最近よく耳にする「FIRE(経済的自立・早期リタイア)」。
「若いうちにたっぷり自由時間を手に入れて、ゆったり暮らしたい!」と思う人も多いかもしれません。
でも、本当にそれが幸せへの近道なのでしょうか?
今回は、「FIREは人を幸せにするか?」という問いに対してあるシンプルな思考実験をやってみたところ、ちょっと意外な結果が出ました。
結論から言うと、「35歳でFIREしても、70歳を過ぎてようやく得になる」というのです。
さらに、40歳を超えてFIREしても、他のシナリオより幸福度が高まることはないという驚きの見立てに。
なぜそんな結論に至ったのか、詳しく解説していきます。
きっかけは『DIE WITH ZERO』と「思い出」の大切さ
FIREブームが過熱する一方で、筆者は「コツコツ投資して早期リタイアする」ことに、なんとなく違和感を持っていました。
そんな時に出会ったのが『DIE WITH ZERO』という本。
「人生の幸福度は、どれだけ思い出をたくさん作り、それをどれだけ楽しめたかで決まる」という考え方に非常に共感したのです。
この考え方に準拠すると、「若いときに作った思い出ほど、後から振り返る回数が多く、結果的に幸福度を大きく押し上げるのでは?」という仮説が生まれてきます。
この仮説を検証すべく、ざっくりと数値計算(というより思考実験)をしてみました。
検証結果サマリ
検証条件等については後ほど解説しますので、ここでは検証結果の簡単なサマリをお伝えします。
35歳でFIREしても70歳を過ぎるまでは「普通に働きつつ思い出作りも続ける人生」より幸福度が低いという結果に。
さらに、40歳FIREの場合は、最後まで他シナリオより上回るタイミングがないという、なんともシビアな結論になったのです。
試算方法(読み飛ばしてもOK)
「試算」といっても、すごくシンプルなモデルを立てただけです。
着目したのは、先ほど提示した「思い出をどれだけ持っているか」と「それを思い出す回数」が幸福度に繋がる、という考え方。
例えば30歳で思い出を2つ獲得すれば、思い出が1つしかない場合よりも2倍幸福である、と考えることができます。

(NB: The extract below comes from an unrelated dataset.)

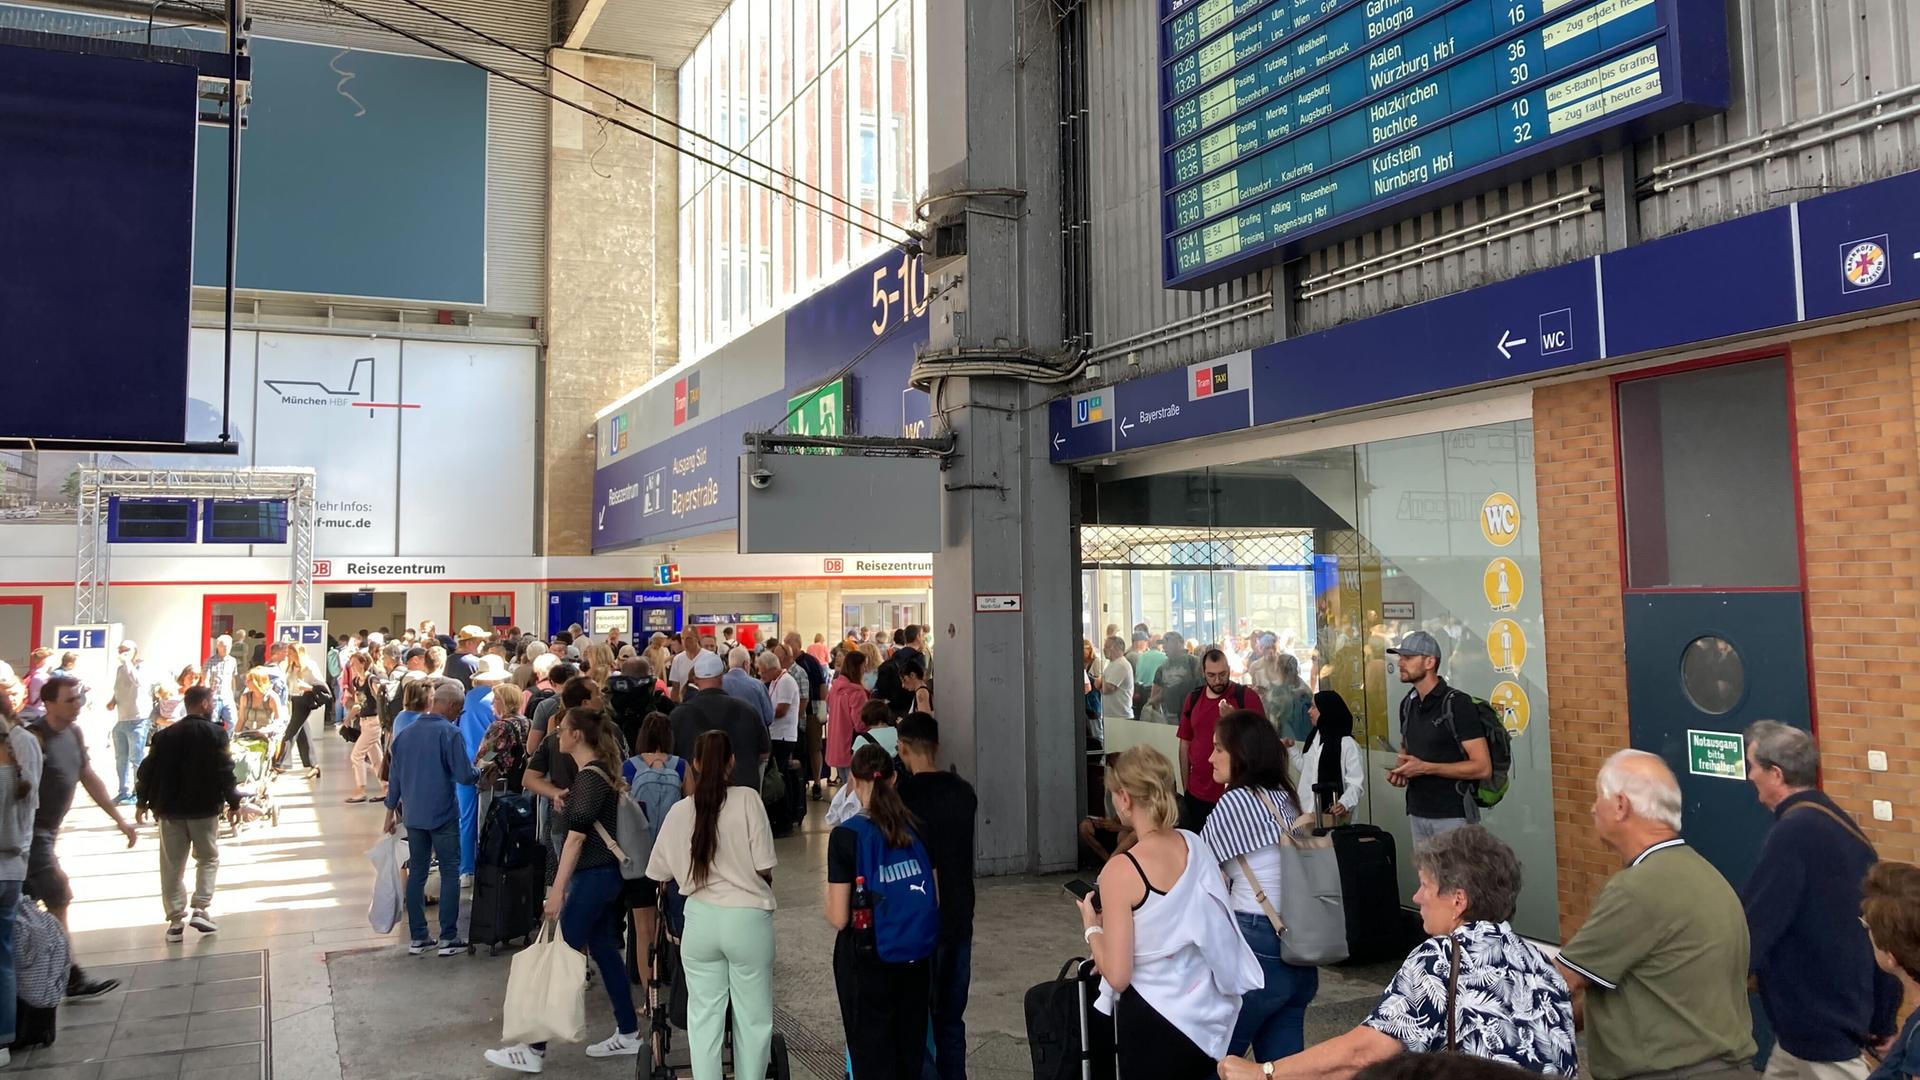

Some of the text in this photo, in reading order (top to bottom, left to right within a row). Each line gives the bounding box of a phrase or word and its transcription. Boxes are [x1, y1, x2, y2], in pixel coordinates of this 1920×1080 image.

さらに90歳まで生きるとして、以降の60年間にわたり思い出を楽しみ続けることができますね。
評価指標
前述の仮説に基づき、「思い出を思い出す回数」を幸福度の指標と設定しています。
試算のシナリオ
下記4つの人生シナリオを比べてみました。
- コツコツ思い出作りシナリオ
- 20歳から働きつつ、毎年1つずつ思い出を作る
- ずっと定年まで働き、その後も同様に毎年1つずつ思い出を作る
※仕事を辞めることで、起きている時間のうち自由時間が約2倍になる(睡眠時間8時間、労働時間8時間、残りの自由時間8時間)。一方で、定年後は全力で身体を動かす元気や好奇心が減退していると考え、毎年1つずつに設定した。
- 35歳FIREシナリオ
- 35歳までは“思い出ゼロ”で全力労働
- 35歳~65歳までは毎年2つずつ思い出を作る(FIREで自由時間増)
- 65歳~90歳までは毎年1つずつ思い出を作る
- 40歳FIREシナリオ
- 40歳までは“思い出ゼロ”で全力労働
- 40歳~65歳までは毎年2つずつ思い出を作る
- 65歳~90歳までは毎年1つずつ思い出を作る
- 定年までノンストップ労働シナリオ
- 65歳まで“思い出ゼロ”でずっと働く
- 65歳でやっと時間ができ、そこから毎年1つずつ思い出を作る
計算方法
- 毎年、その年までに作った全思い出を1回ずつ振り返ると仮定
- こうして、一生涯で「思い出を思い出した総数」をざっくり求めました
結果:なぜ「35歳FIRE」は70歳以降まで他シナリオに追いつけないのか?
今回の思い出数シミュレーションでは、
- 「働きながらコツコツ思い出を作る人生」が最も効率的
- 35歳でFIREしても、そのメリットが出るのは70歳以降
- 40歳FIREだと、最後まで他シナリオに追い越せない
- 定年までノンストップ労働は「論外」レベルで幸福度が低い
という結果が出ました。
考察:FIREは「人生の自由度を上げる」けれど…
FIREしても、自由時間は思ったほど増えない
よく考えると、1日24時間のうち、睡眠時間8時間・仕事8時間・自由時間8時間に使っている人が多いですね。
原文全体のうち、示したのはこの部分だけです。